In a preferred embodiment of the invention, the lens used to focus both the laser preheat

pulse and the laser ignition pulse was positioned as focusing lens a shown in Figure 1. In this

configuration of the invention the lens is located to provide perpendicular incidence of the laser

light to the axis of the aerosol fuel cloud. The lens is moved in the direction of the laser light to position the focused laser light at various distances from the aerosol fuel cloud axis. Generally,

best fuel vaporization and subsequent ignition is obtained when the laser light is focused in

regions of the fuel cloud in which the droplet number density is highest. For the fuel spray

nozzle used in the examples in this patent, highest fuel droplet density was obtained within regions near the outer edge of the fuel cloud. Other laser light directions with respect to aerosol fuel cloud axes which perform

satisfactorily include placements of the laser light focusing lens in positions b, P. and d shown in

Figure 1. As can be seen from the figure, the laser light is applied at different angles to the fuel cloud axis. In addition, the laser focusing lens may be placed above or below the plane depicted

in Figure 1, i.e., in a third dimension.

In another embodiment of the invention, two lenses may be used to independently focus

the preheating and laser ignition pulses. When two separate lenses are used, the two lenses can

be positioned closely together to focus the laser light output of the individual lasers to a common

location within the aerosol fuel cloud as shown in position a in Figure 2. Two separate lenses

which are angularly separated, as shown in positions a and b in Figure 2, can be employed in practice of the invention.

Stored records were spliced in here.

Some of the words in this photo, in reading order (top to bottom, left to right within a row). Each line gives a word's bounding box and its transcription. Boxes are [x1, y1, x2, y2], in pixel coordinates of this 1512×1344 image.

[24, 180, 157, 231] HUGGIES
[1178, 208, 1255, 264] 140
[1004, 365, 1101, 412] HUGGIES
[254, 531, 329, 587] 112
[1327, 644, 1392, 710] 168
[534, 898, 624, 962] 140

Alternatively, when two separate lenses are used, the focal points of the two lenses can be

offset spatially in order to heat and/or vaporize fuel droplets at one location within the aerosol

fuel cloud and then subsequently apply an ignition laser beam at some downstream location within the aerosol fuel flow. This is illustrated in Figure 3.

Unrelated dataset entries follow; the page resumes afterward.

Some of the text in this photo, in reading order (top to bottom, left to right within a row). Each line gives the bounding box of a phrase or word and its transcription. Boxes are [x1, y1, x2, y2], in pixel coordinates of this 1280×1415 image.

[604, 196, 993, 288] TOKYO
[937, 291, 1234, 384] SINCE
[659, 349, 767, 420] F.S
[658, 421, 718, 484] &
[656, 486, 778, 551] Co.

Figure 4 is a graphic representation of the presently preferred pulse sequence for practice

of the invention. The elapsed time is plotted along the horizontal X coordinate and the intensity

of the laser light pulses is plotted along the vertical Y coordinate. The first block represents the long duration low peak power preheat laser light pulse and the tall slender second block

represents the subsequent short duration high peak power igniter laser light pulse.

The sequencing of the application of the laser preheat and laser spark ignition pulses may

be varied from that shown in Figure 4 in order to optimize ignition performance. Experimentally, optimal fuel ignition performance has been obtained at temporal delays between the application of the laser preheat pulse and the laser spark ignition pulse ranging from 0 to 100

microseconds in duration, depending upon fuel droplet size, velocity and initial temperature as

well as preheat laser power and focal spot size. This delay is measured as the temporal

separation between maxima in the intensity distributions or centroids for the two pulses.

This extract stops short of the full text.